▶ [WHAT IS EXPECTED] Exact retyping of the data: please keep every word and drop each picture.

▶ [DATASET EXTRACT]
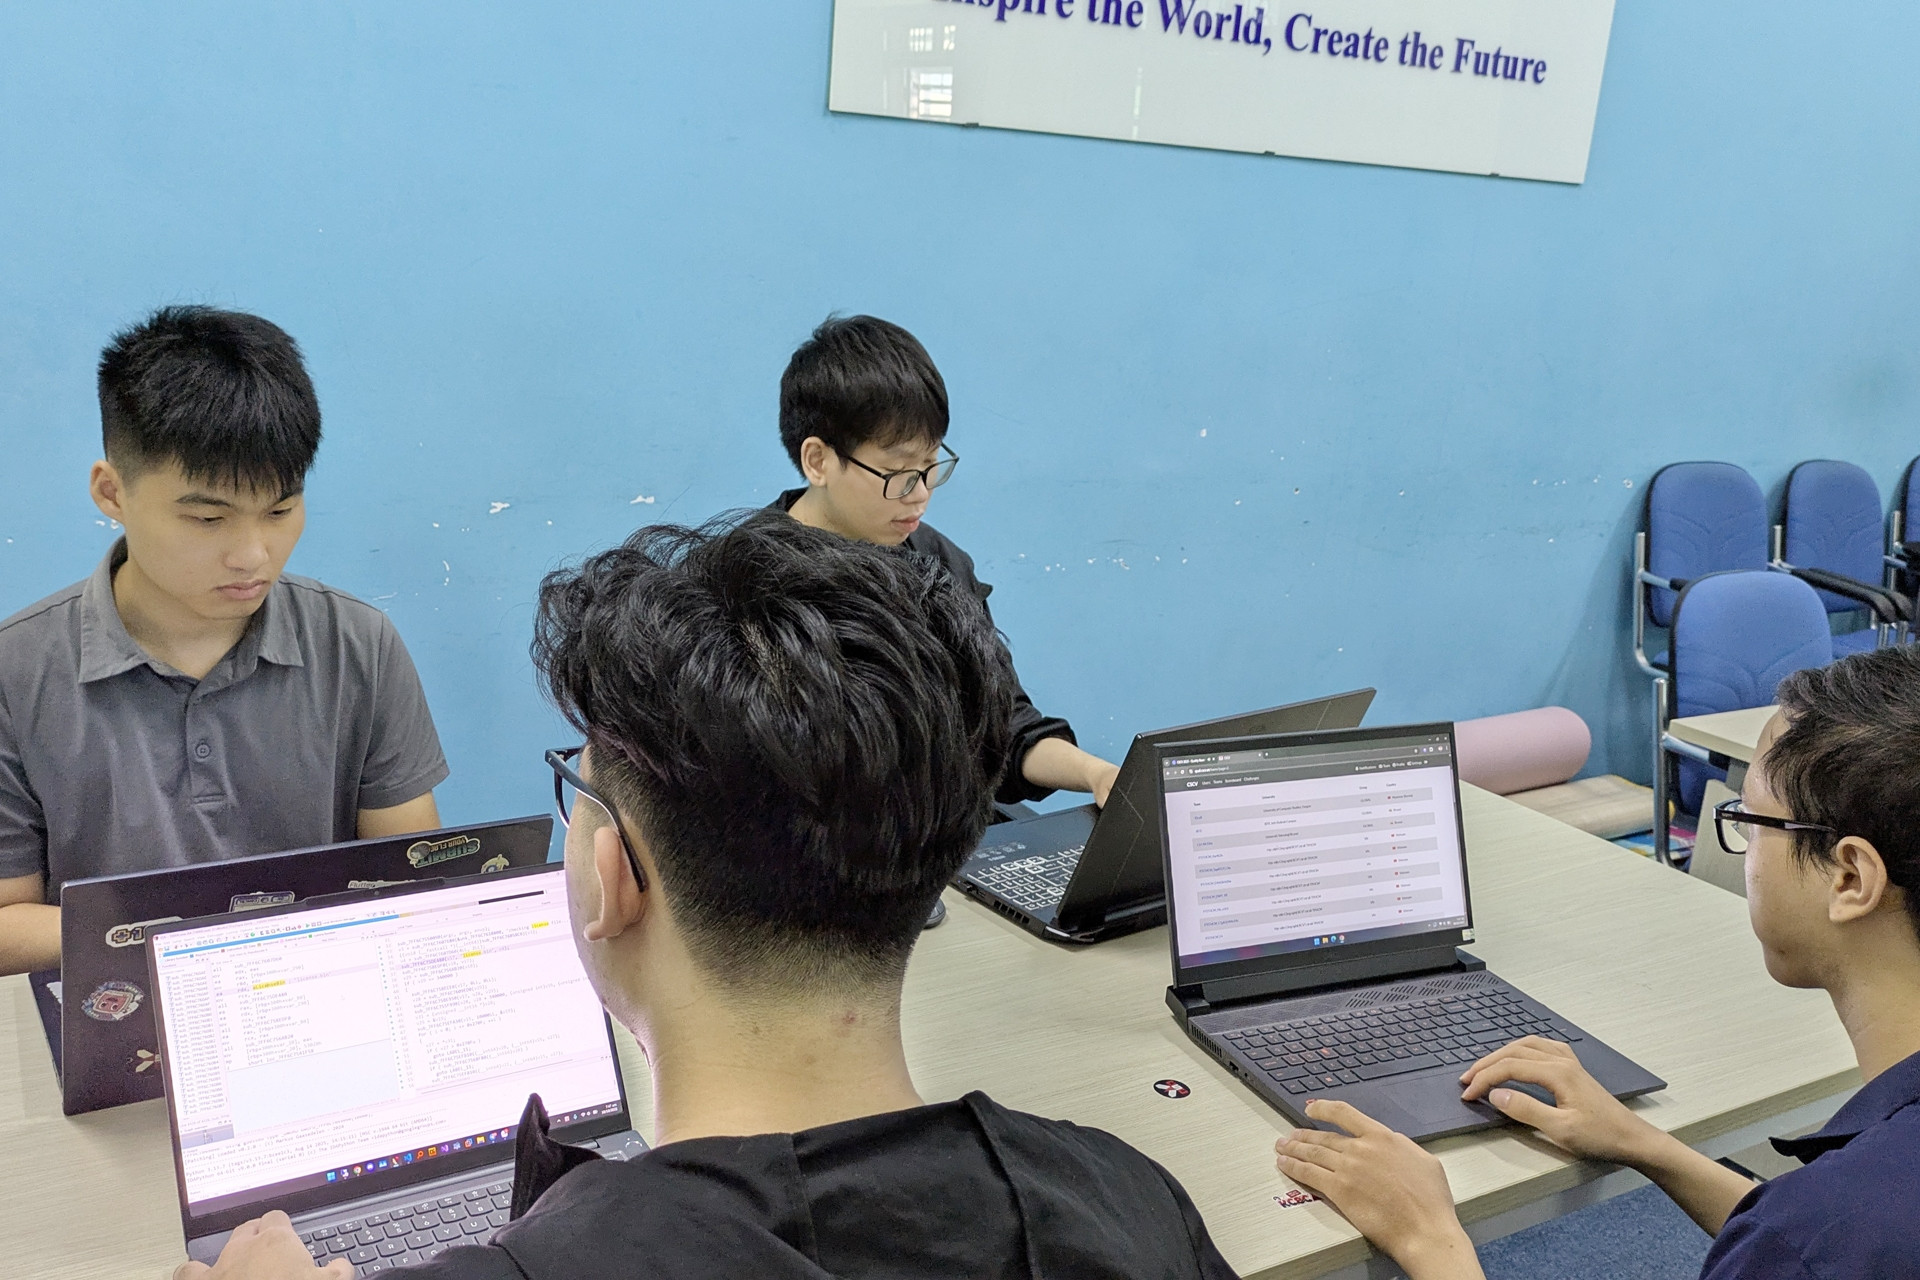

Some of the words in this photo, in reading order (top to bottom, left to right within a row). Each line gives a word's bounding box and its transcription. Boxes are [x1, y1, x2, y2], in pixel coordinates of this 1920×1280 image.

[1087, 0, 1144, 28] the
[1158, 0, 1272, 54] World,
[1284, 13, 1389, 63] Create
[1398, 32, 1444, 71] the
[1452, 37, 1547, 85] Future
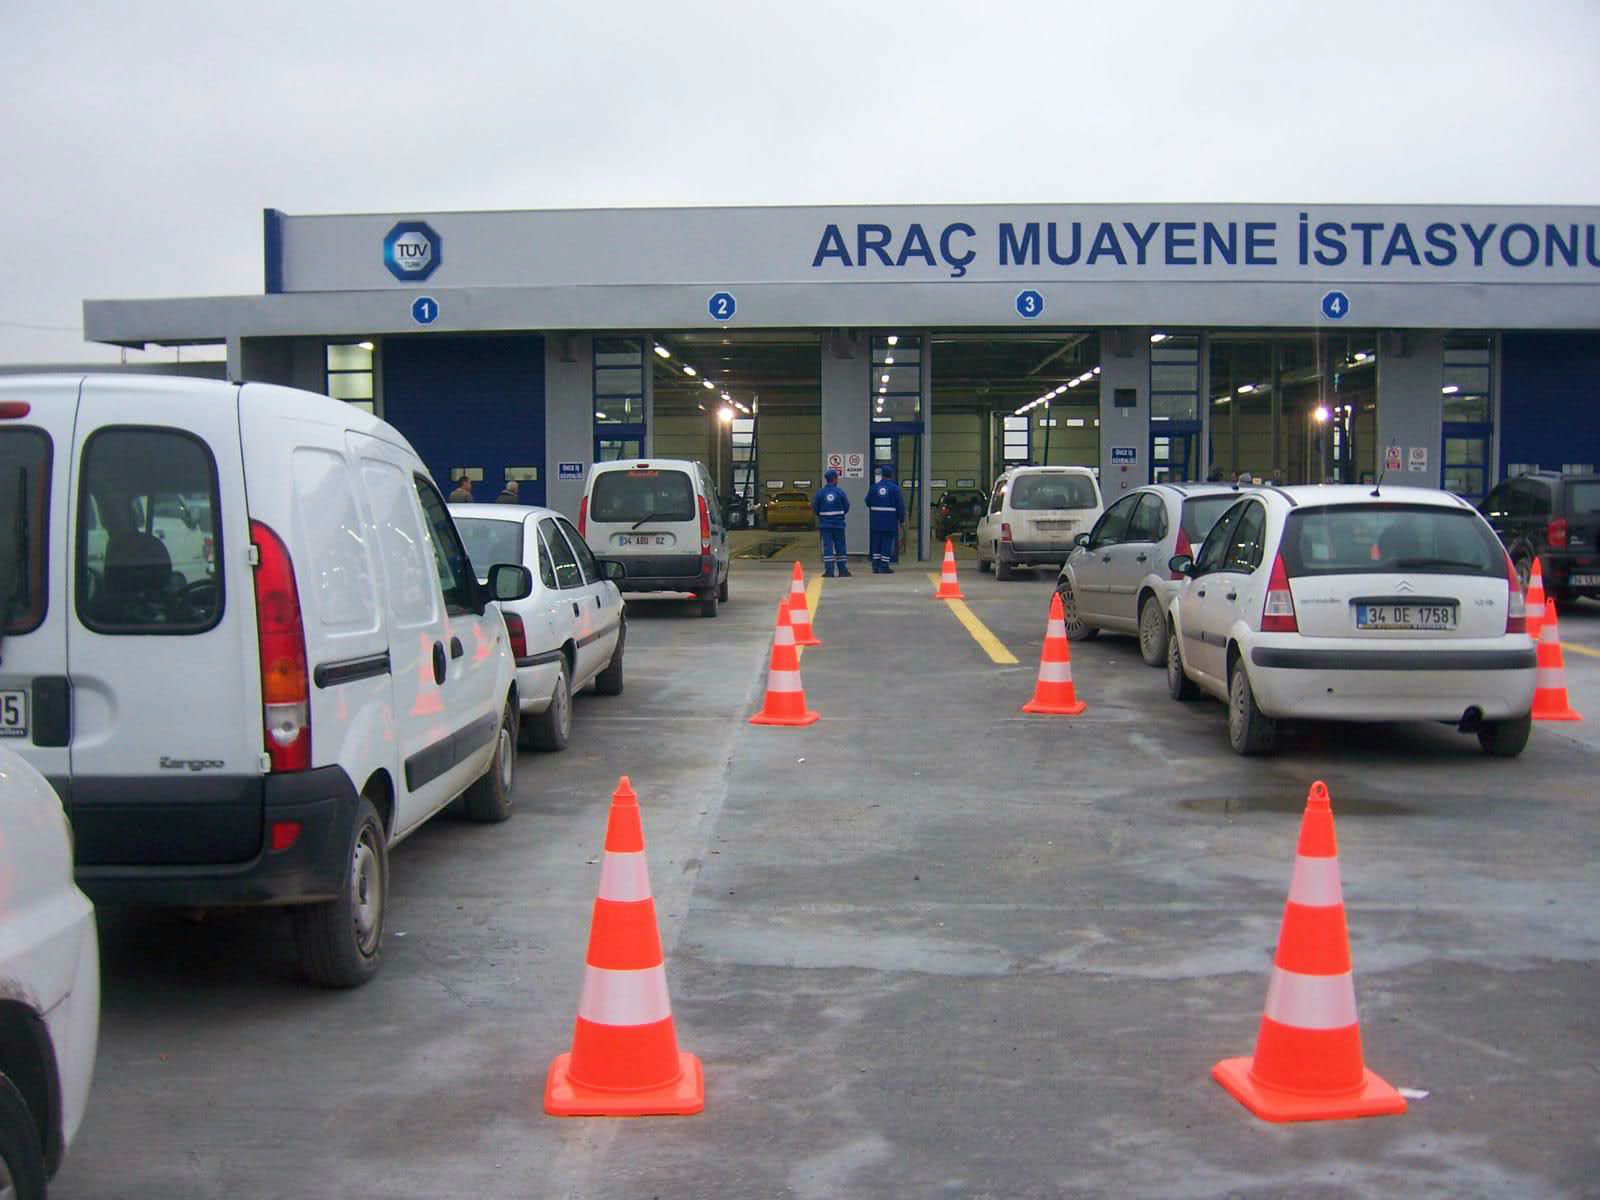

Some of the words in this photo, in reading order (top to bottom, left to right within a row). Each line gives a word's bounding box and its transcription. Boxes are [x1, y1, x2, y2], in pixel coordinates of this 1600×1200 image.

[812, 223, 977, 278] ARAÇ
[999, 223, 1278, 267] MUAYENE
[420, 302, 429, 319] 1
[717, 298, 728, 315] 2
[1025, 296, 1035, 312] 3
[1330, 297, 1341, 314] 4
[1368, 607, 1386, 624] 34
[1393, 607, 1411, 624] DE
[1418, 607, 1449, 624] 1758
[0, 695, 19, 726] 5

▶ [FINISHED EXERCISE]
Some of the words in this photo, in reading order (top to bottom, left to right within a row). Each line gives a word's bounding box and its transcription. Boxes are [x1, y1, x2, y2], in pixel coordinates of this 1920×1280 image.

[1087, 0, 1144, 28] the
[1158, 0, 1272, 54] World,
[1284, 13, 1389, 63] Create
[1398, 32, 1444, 71] the
[1452, 37, 1547, 85] Future

Some of the words in this photo, in reading order (top to bottom, left to right within a row). Each line gives a word's bounding box and its transcription. Boxes are [x1, y1, x2, y2], in pixel coordinates of this 1600×1200 image.

[812, 223, 977, 278] ARAÇ
[999, 223, 1278, 267] MUAYENE
[420, 302, 429, 319] 1
[717, 298, 728, 315] 2
[1025, 296, 1035, 312] 3
[1330, 297, 1341, 314] 4
[1368, 607, 1386, 624] 34
[1393, 607, 1411, 624] DE
[1418, 607, 1449, 624] 1758
[0, 695, 19, 726] 5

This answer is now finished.